While this one may look the same, it isn't. Note how filthy the screen is, with somebody's hair stuck at the top of the frame (and also at the bottom, for a second). These are the kinds of logos that make me turn cartwheels of joy. If you're old like me, you'll remember the sound that went along with these extremely scratchy bits of film. It's very hard to describe, but it's the auditory equivalent of all that scratchiness and quivering hair. My brother and I used to try to imitate it by going "Phhhhhhhhhhhh!"

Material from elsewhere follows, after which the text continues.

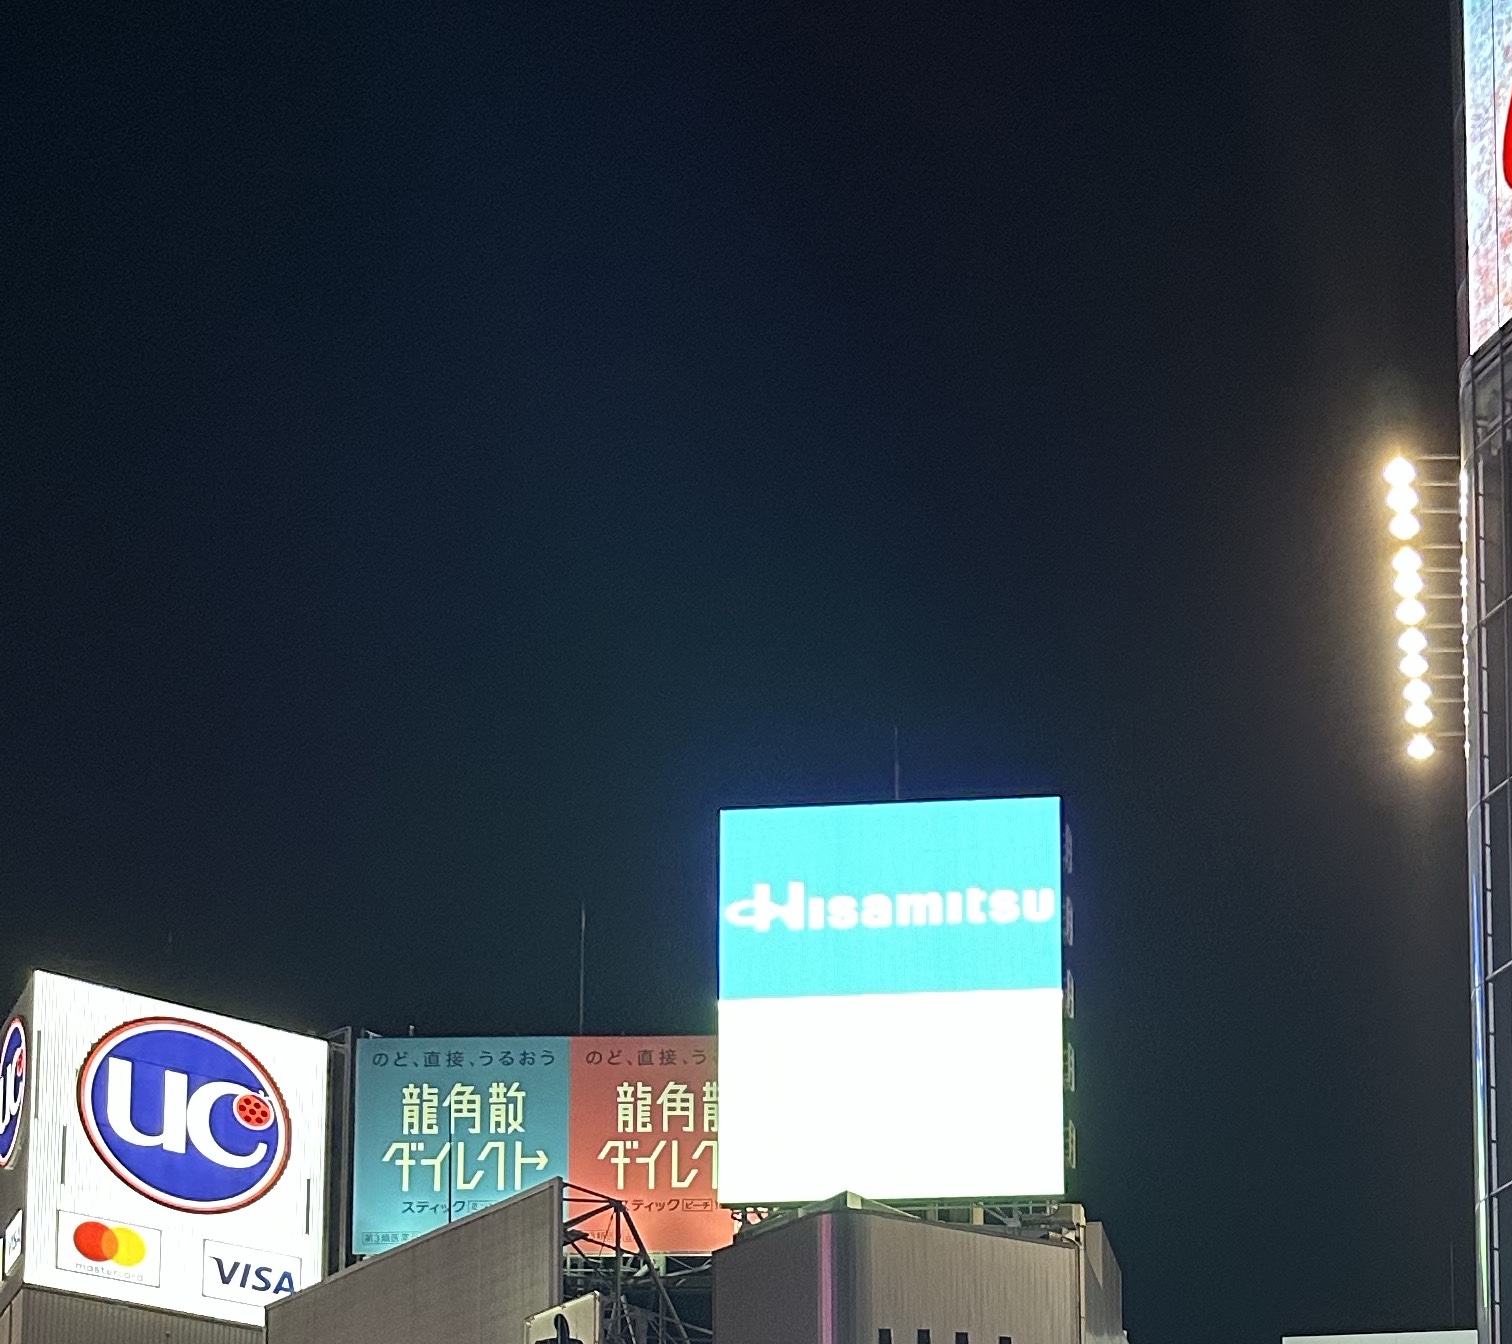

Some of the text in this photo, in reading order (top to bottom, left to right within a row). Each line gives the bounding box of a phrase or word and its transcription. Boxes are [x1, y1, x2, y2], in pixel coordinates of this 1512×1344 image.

This is a weirdie, and I have no idea who it is. Someone's face appears in the middle of the star! I don't know who this is, and if I didn't know better I'd say it was from the primitive universe of the Dumont Network. It has a Dumonty feel to it. But no, it isn't, it has to be ABC.
But this one is Simply The Best. The lightning-bolt lights up dramatically as it seems to spear through the eagle's beak, and the eagle is illuminated in a big dramatic sweep from below. And oh that scratchy stuff, it's in abundance here! It's likely on an old film that has taken a beating over the decades, so it's doubtful it would look this bad when it was first broadcast. But you never know. I particularly love kinescopes of old shows that had their credits written on a piece of cardboard that was manually dragged across the screen.
Watch at your own risk! I can hardly describe this music, with its dark and doomy gong-sound followed by menacing upward glissandos of low woodwinds, then (under a voice which seems to be announcing the end of the world as we know it) a few bars of a creepily dissonant, almost gamelan-like theme that might have been used for the entrance of a bloodthirsty emperor who ate little girls like me for breakfast.
The visuals are, however, stunning, far more dramatic than any other incarnation of the NBC peacock, which has now been reduced to a sad, flat thing resembling a vinyl tile in someone's bathroom. The bathroom of someone with no taste. But I love this, it's a piece of art, which is why I use it as one of my "signature" gifs at the bottom of the post. (That IS why I do it. Didn't you realize? It's a way to call attention to the link to my Amazon Author Page, which - I won't say nobody looks at it, because frankly I don't know. But every once in a while, I do.)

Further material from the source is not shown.